[WORK REQUIRED]: Leave out the pictures and retype everything else in the records below exactly.
━━━━━━━━━━━━━━━━
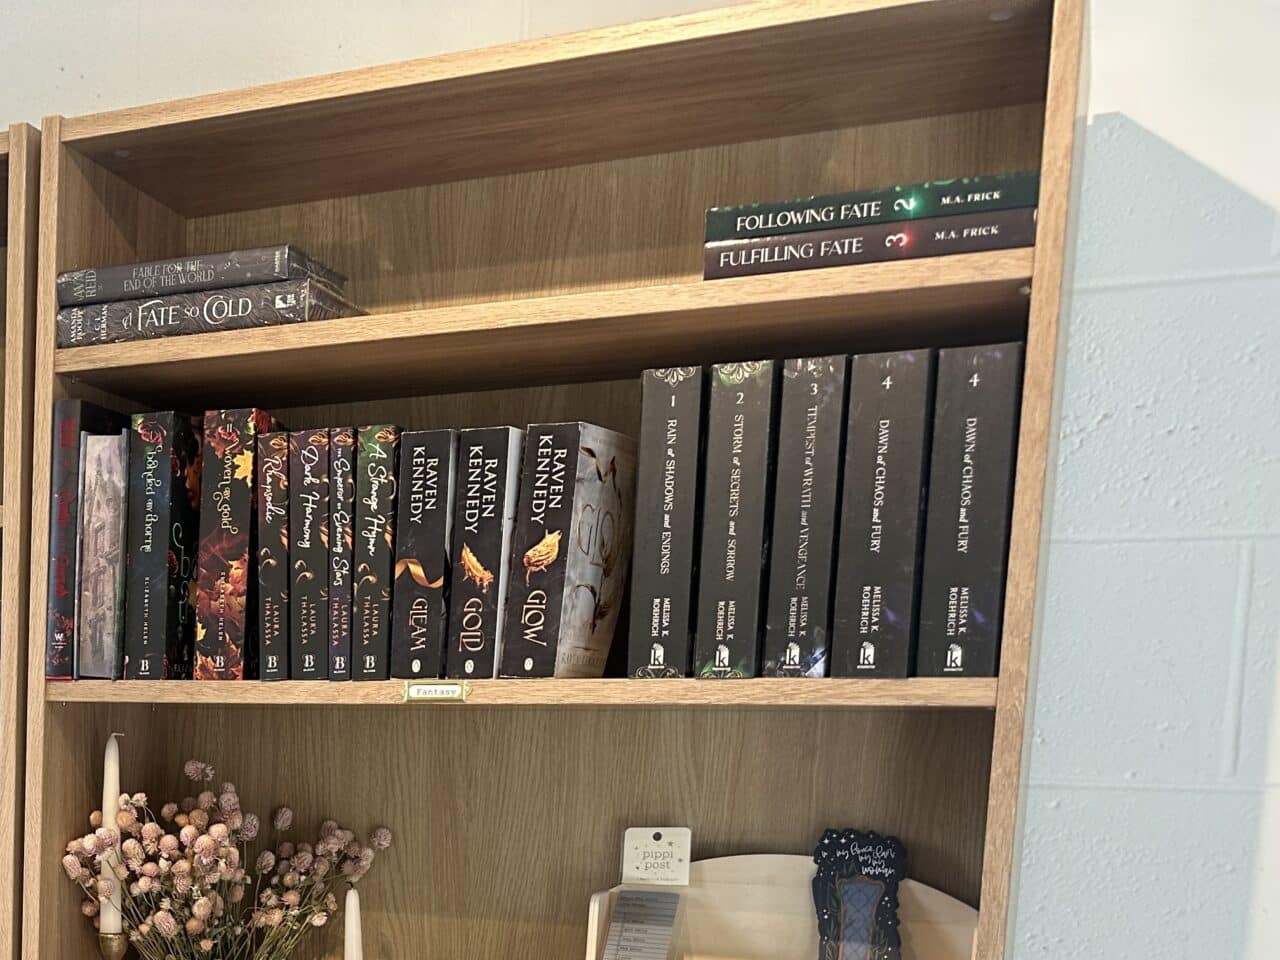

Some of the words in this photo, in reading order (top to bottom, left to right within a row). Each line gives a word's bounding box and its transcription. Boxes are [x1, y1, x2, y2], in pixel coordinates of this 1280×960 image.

[941, 195, 964, 205] M.A.
[967, 191, 1001, 201] FRICK
[736, 208, 834, 231] FOLLOWING
[840, 201, 881, 219] FATE
[719, 243, 814, 267] FULFILLING
[820, 238, 863, 256] FATE
[86, 270, 96, 298] REID
[124, 279, 141, 292] END
[143, 277, 158, 289] OF
[161, 274, 178, 286] THE
[179, 270, 214, 285] WORLD
[138, 300, 180, 330] FATE
[203, 296, 252, 324] COLD
[881, 376, 893, 390] 4
[666, 418, 678, 445] RAIN
[878, 419, 890, 454] DAWN
[368, 443, 387, 458] A
[300, 446, 319, 490] Dark
[663, 459, 676, 511] SHADOWS
[362, 462, 387, 513] Strange
[464, 446, 484, 534] KENNEDY
[482, 459, 498, 518] RAVEN
[874, 467, 887, 507] CHAOS
[297, 491, 320, 548] Harmony
[872, 508, 880, 522] and
[362, 515, 386, 557] Hymn
[660, 531, 671, 574] ENDINGS
[870, 525, 881, 554] FURY
[410, 598, 427, 650] GLEAM
[458, 598, 484, 652] GOLD
[521, 590, 547, 647] GLOW
[650, 598, 660, 638] ROEHRICH
[416, 688, 457, 697] Fantasy
[642, 849, 674, 862] pippi
[644, 858, 671, 871] post
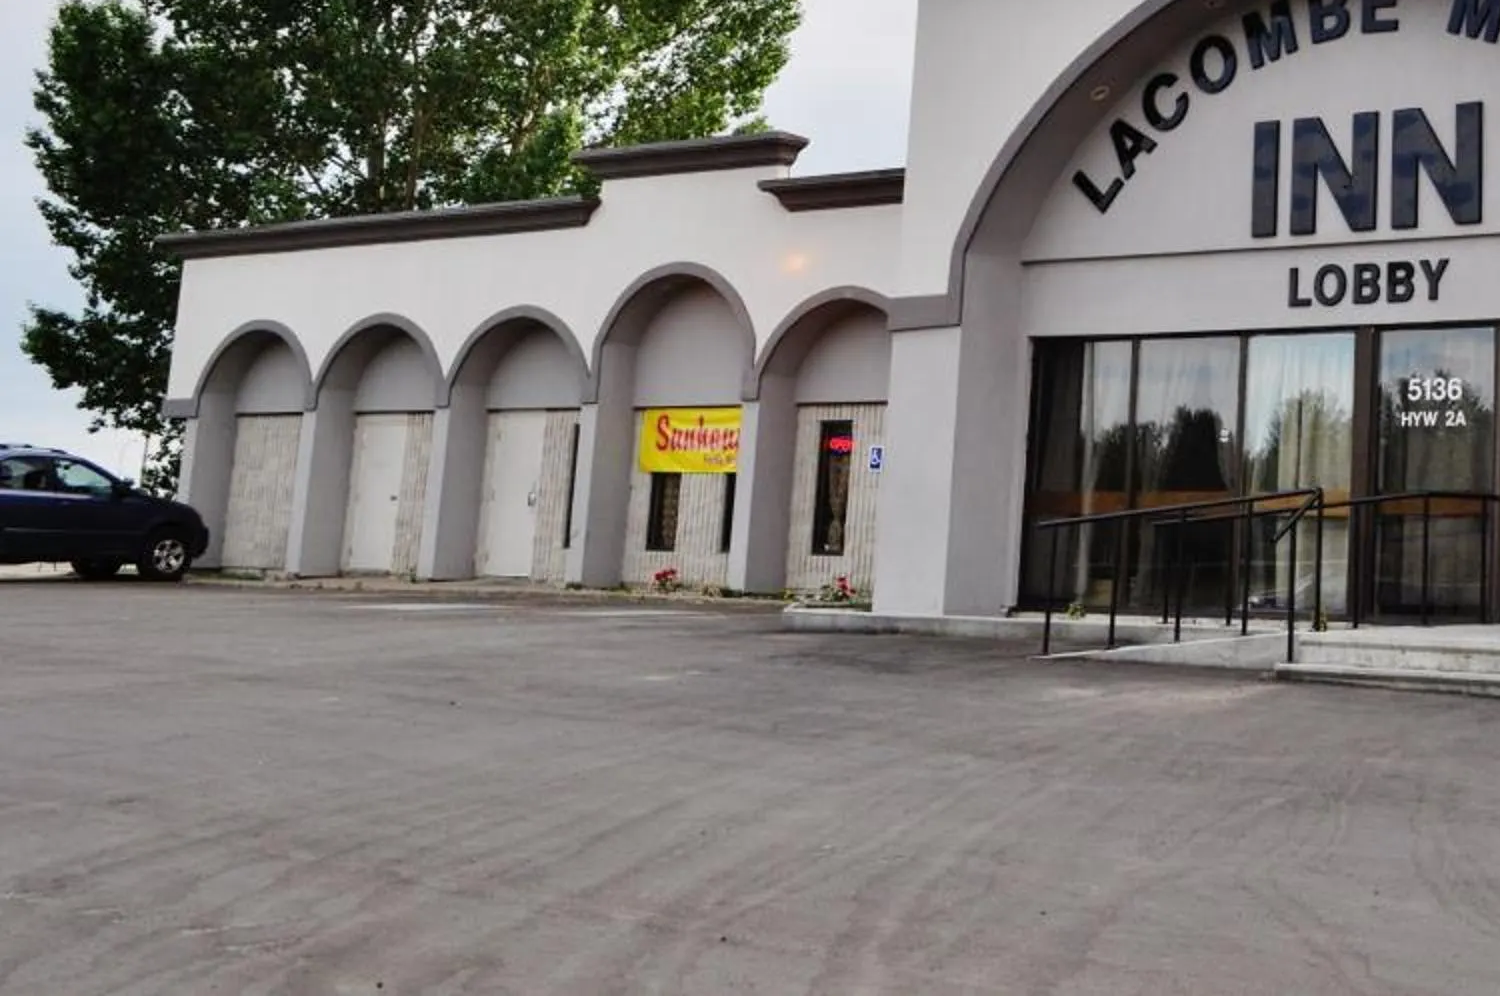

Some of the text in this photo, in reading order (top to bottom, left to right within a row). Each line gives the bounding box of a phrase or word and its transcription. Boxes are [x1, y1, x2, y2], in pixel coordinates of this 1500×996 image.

[1251, 101, 1484, 238] INN
[1287, 259, 1450, 308] LOBBY
[1407, 377, 1463, 401] 5136
[1401, 409, 1467, 428] HYW 2A
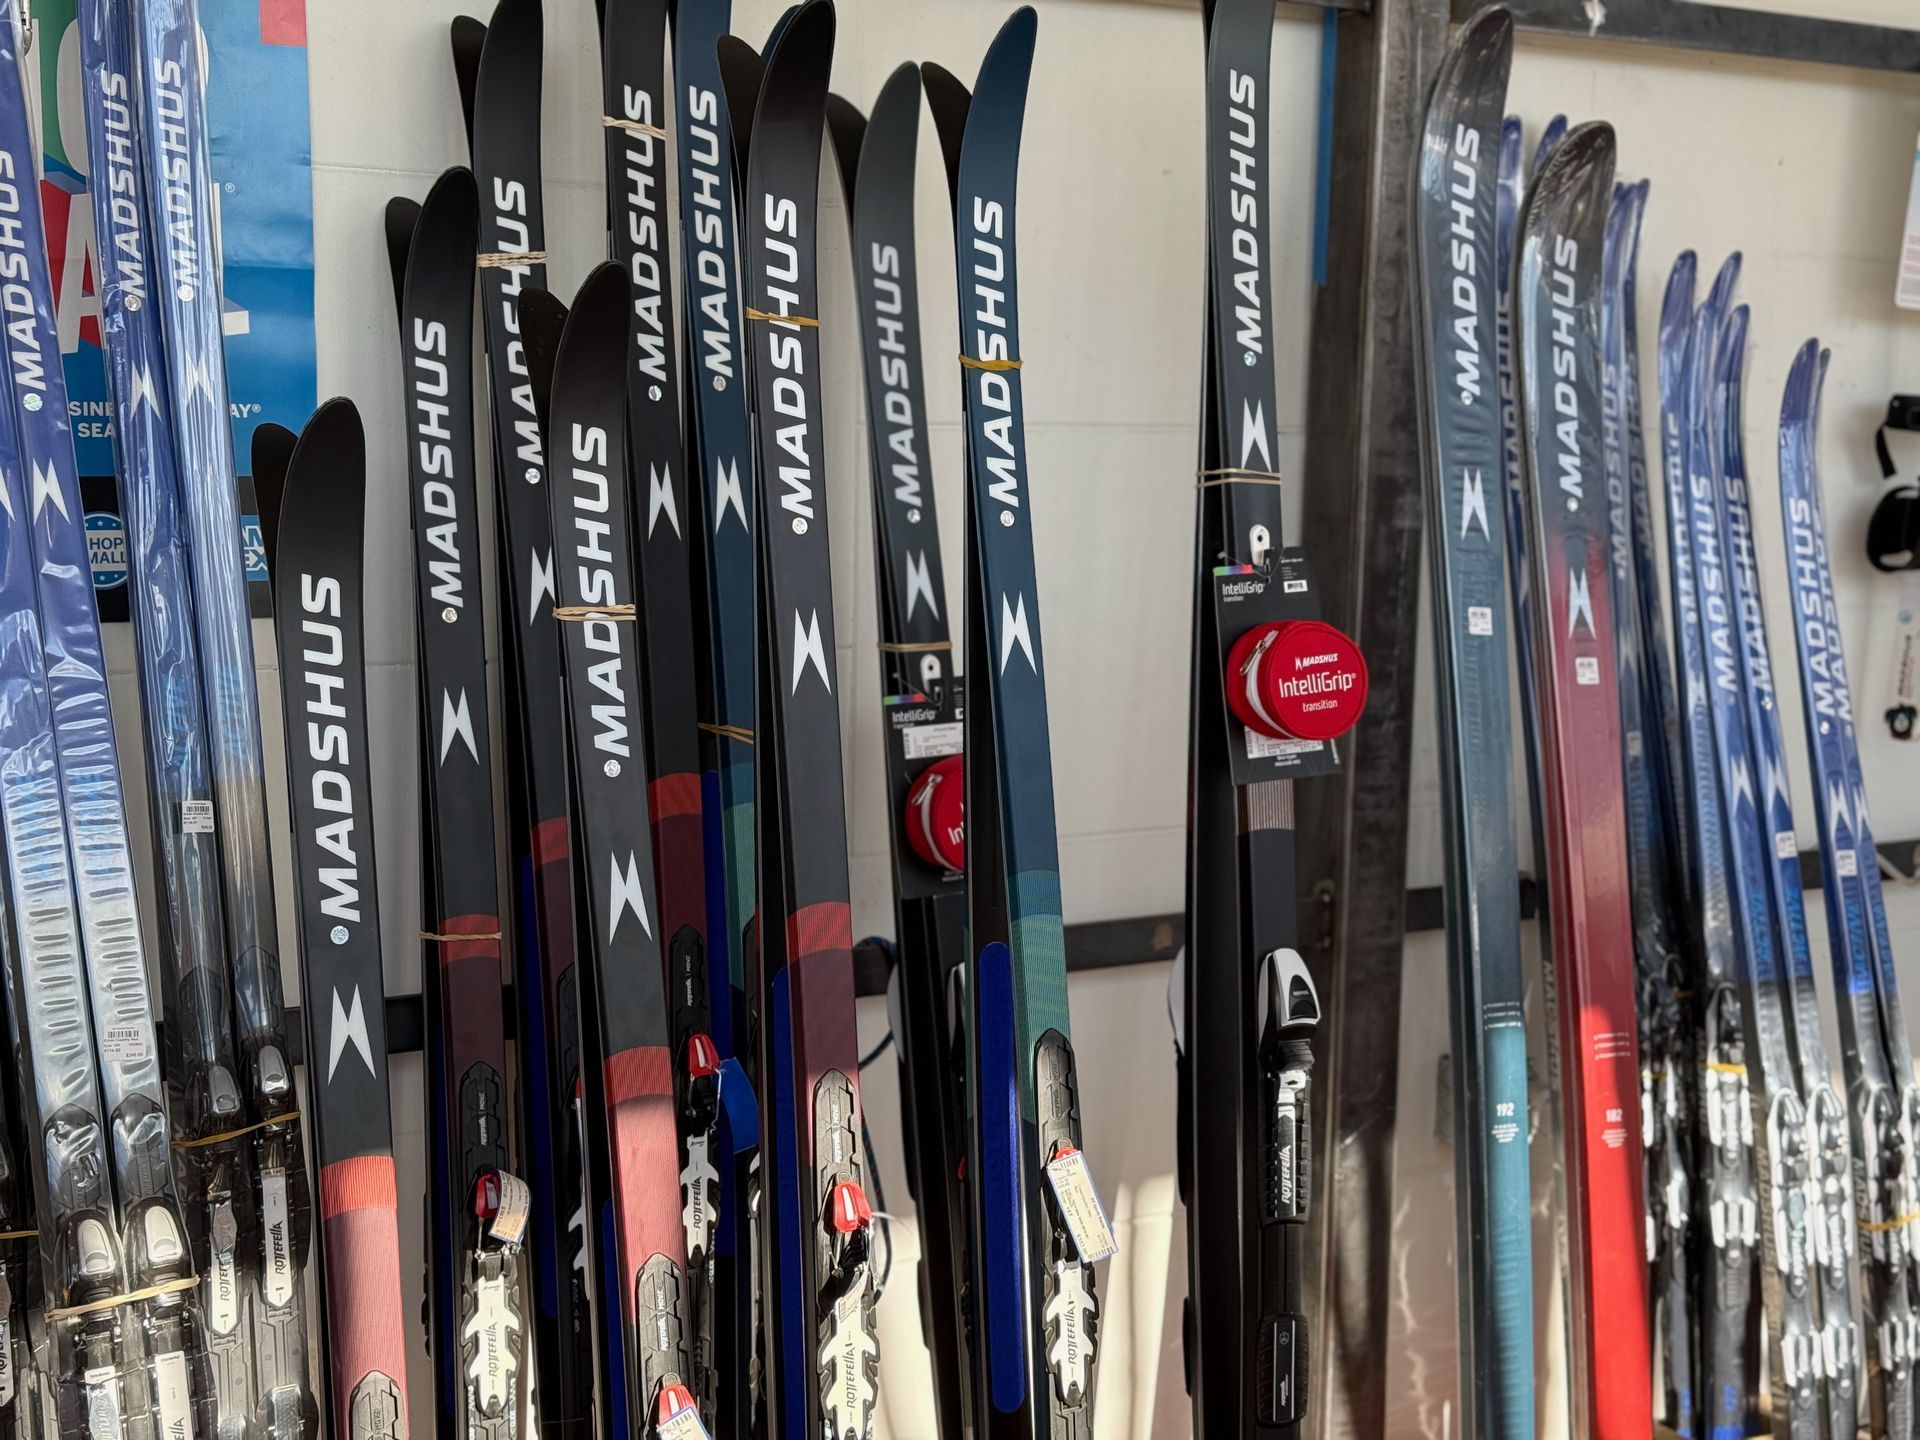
━━━━━━━━━━━━━━━━
[RESPONSE TO THE TASK]:
Some of the words in this photo, in reading order (top to bottom, left to right within a row). Each line gives a word's bounding box and its transcription. Boxes are [x1, y1, x2, y2], in pixel coordinates of this 1280×960 image.

[941, 195, 964, 205] M.A.
[967, 191, 1001, 201] FRICK
[736, 208, 834, 231] FOLLOWING
[840, 201, 881, 219] FATE
[719, 243, 814, 267] FULFILLING
[820, 238, 863, 256] FATE
[86, 270, 96, 298] REID
[124, 279, 141, 292] END
[143, 277, 158, 289] OF
[161, 274, 178, 286] THE
[179, 270, 214, 285] WORLD
[138, 300, 180, 330] FATE
[203, 296, 252, 324] COLD
[881, 376, 893, 390] 4
[666, 418, 678, 445] RAIN
[878, 419, 890, 454] DAWN
[368, 443, 387, 458] A
[300, 446, 319, 490] Dark
[663, 459, 676, 511] SHADOWS
[362, 462, 387, 513] Strange
[464, 446, 484, 534] KENNEDY
[482, 459, 498, 518] RAVEN
[874, 467, 887, 507] CHAOS
[297, 491, 320, 548] Harmony
[872, 508, 880, 522] and
[362, 515, 386, 557] Hymn
[660, 531, 671, 574] ENDINGS
[870, 525, 881, 554] FURY
[410, 598, 427, 650] GLEAM
[458, 598, 484, 652] GOLD
[521, 590, 547, 647] GLOW
[650, 598, 660, 638] ROEHRICH
[416, 688, 457, 697] Fantasy
[642, 849, 674, 862] pippi
[644, 858, 671, 871] post

Some of the text in this photo, in reading order (top to bottom, left to right within a row). Each line gives the bounding box of a phrase or word and its transcription. Boxes are [x1, y1, x2, y2], in pixel coordinates of this 1500×996 image.

[1251, 101, 1484, 238] INN
[1287, 259, 1450, 308] LOBBY
[1407, 377, 1463, 401] 5136
[1401, 409, 1467, 428] HYW 2A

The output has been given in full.